YOUR OBJECTIVE
Repeat, word for word, each of the records shown below, without their pictures.

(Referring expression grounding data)
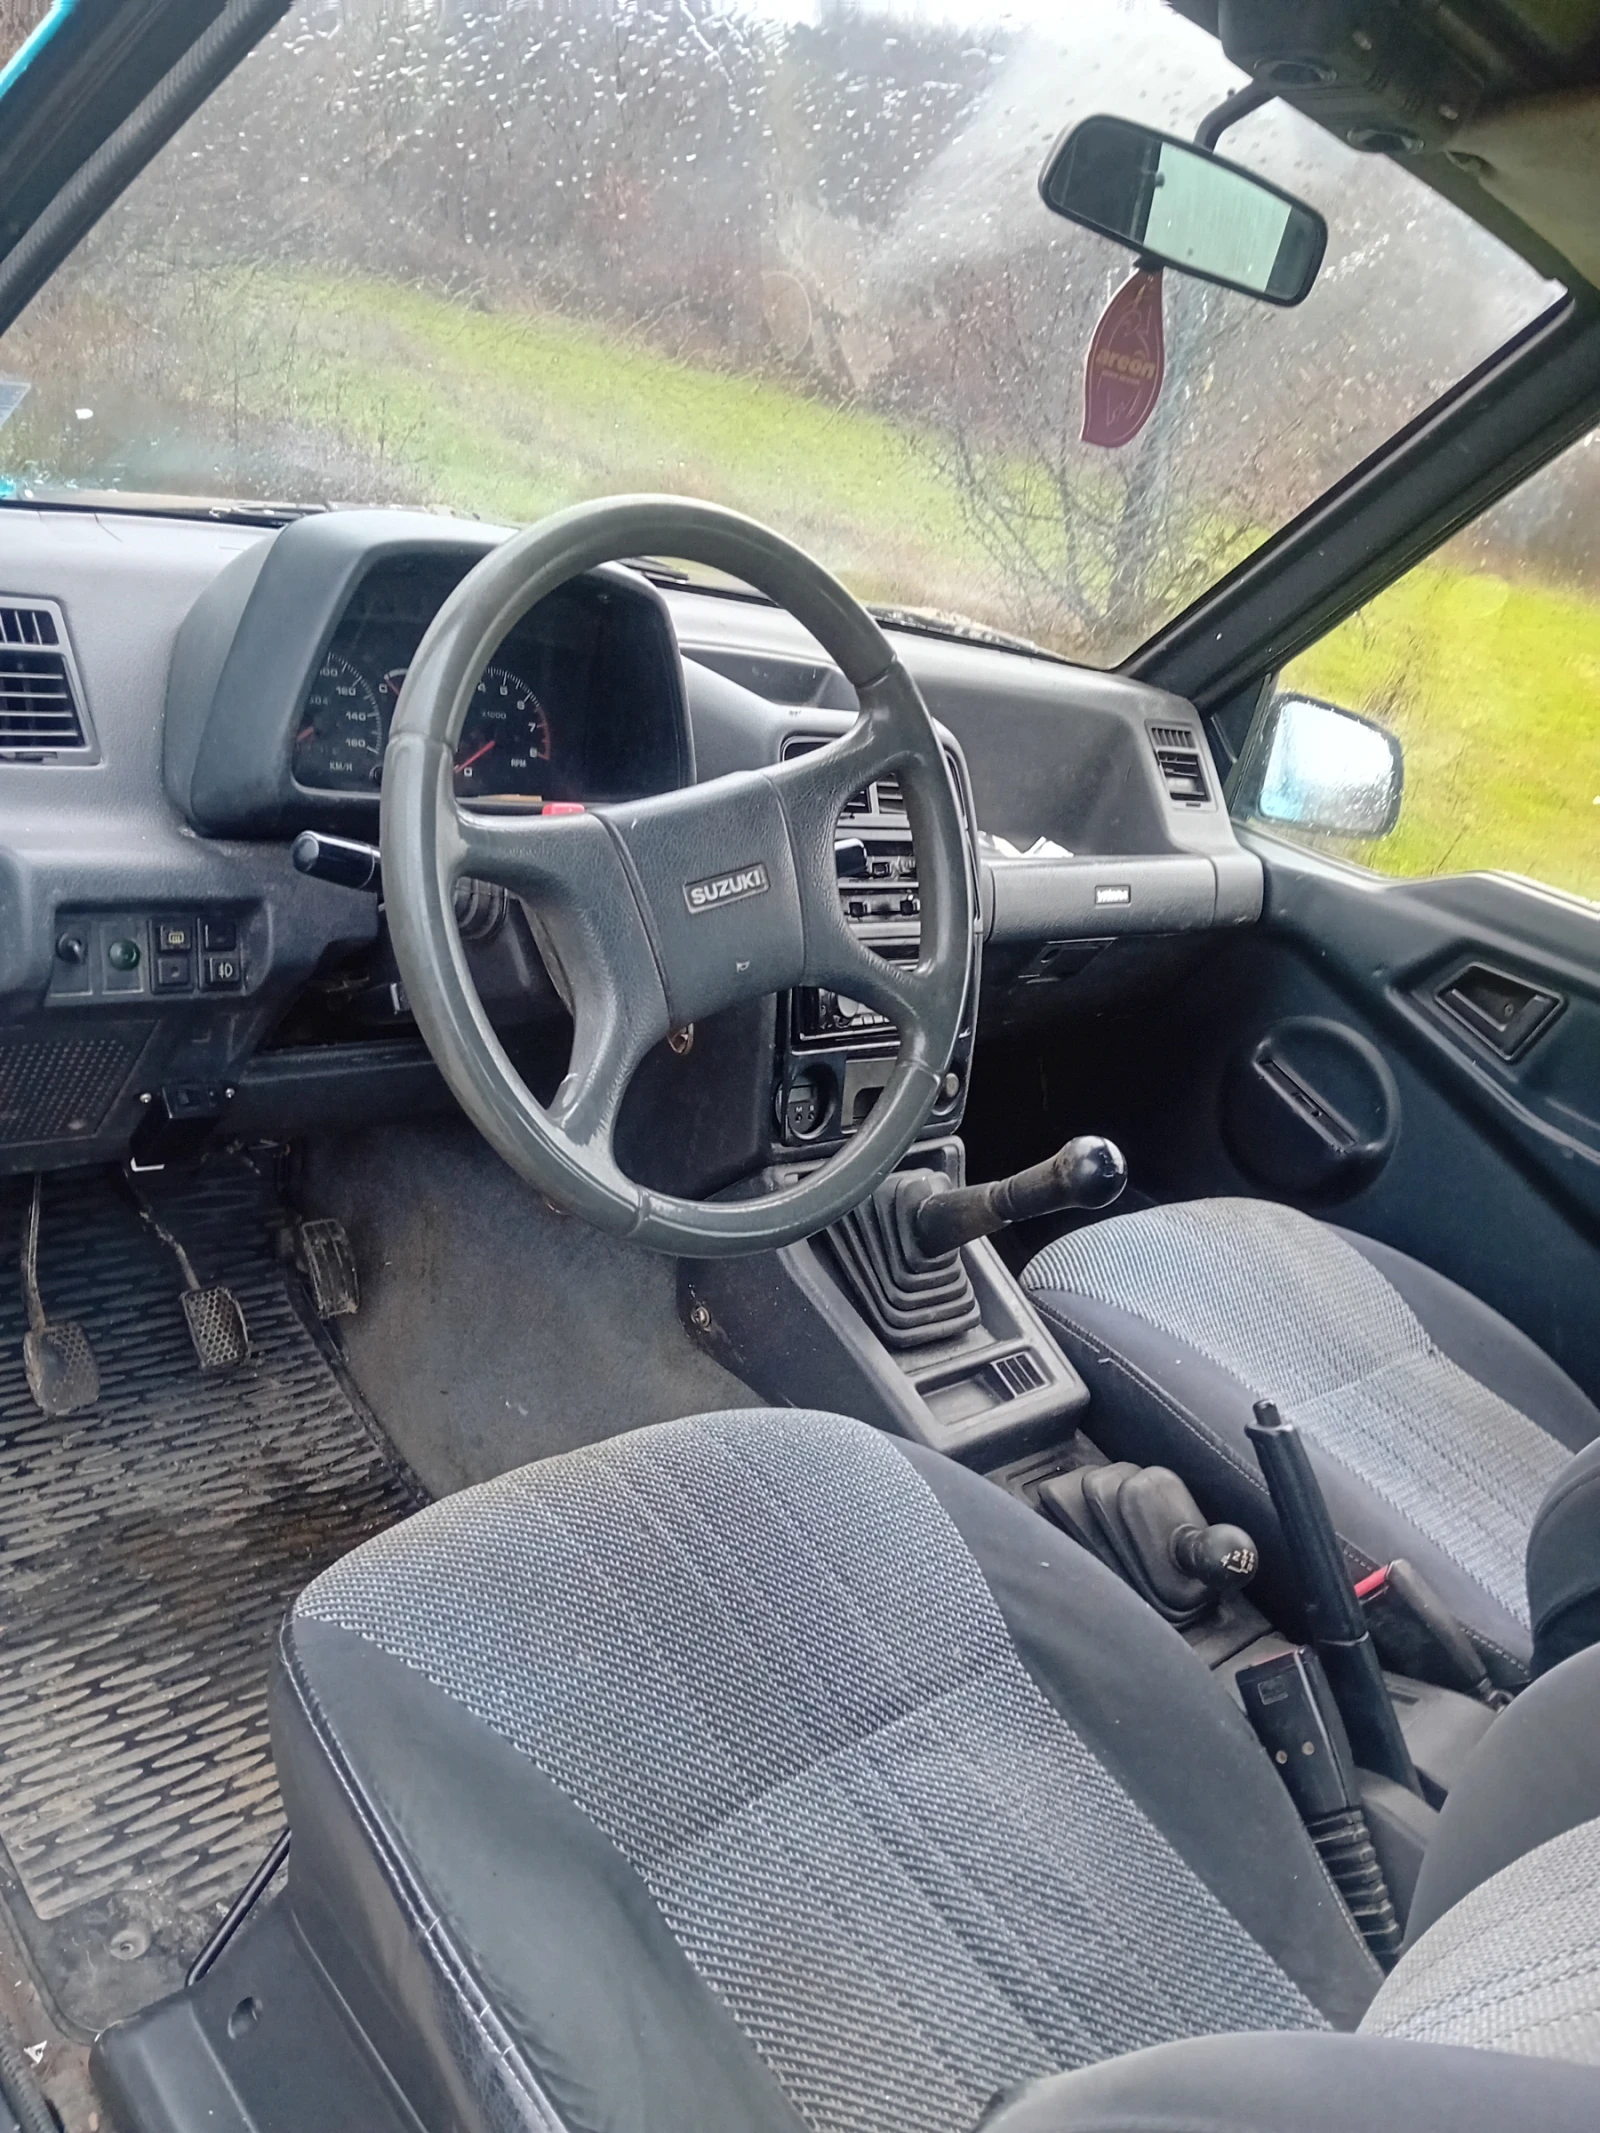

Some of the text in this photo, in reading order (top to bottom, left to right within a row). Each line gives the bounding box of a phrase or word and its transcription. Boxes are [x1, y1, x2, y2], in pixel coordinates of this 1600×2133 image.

[346, 711, 366, 721] 140
[528, 722, 536, 732] 7
[463, 767, 473, 777] 0
[691, 870, 761, 905] SUZUKI

EXERCISE RESULT
Some of the text in this photo, in reading order (top to bottom, left to right within a row). Each line gives the bounding box of a phrase or word and its transcription. Boxes are [x1, y1, x2, y2], in pixel coordinates of this 1600×2133 image.

[346, 711, 366, 721] 140
[528, 722, 536, 732] 7
[463, 767, 473, 777] 0
[691, 870, 761, 905] SUZUKI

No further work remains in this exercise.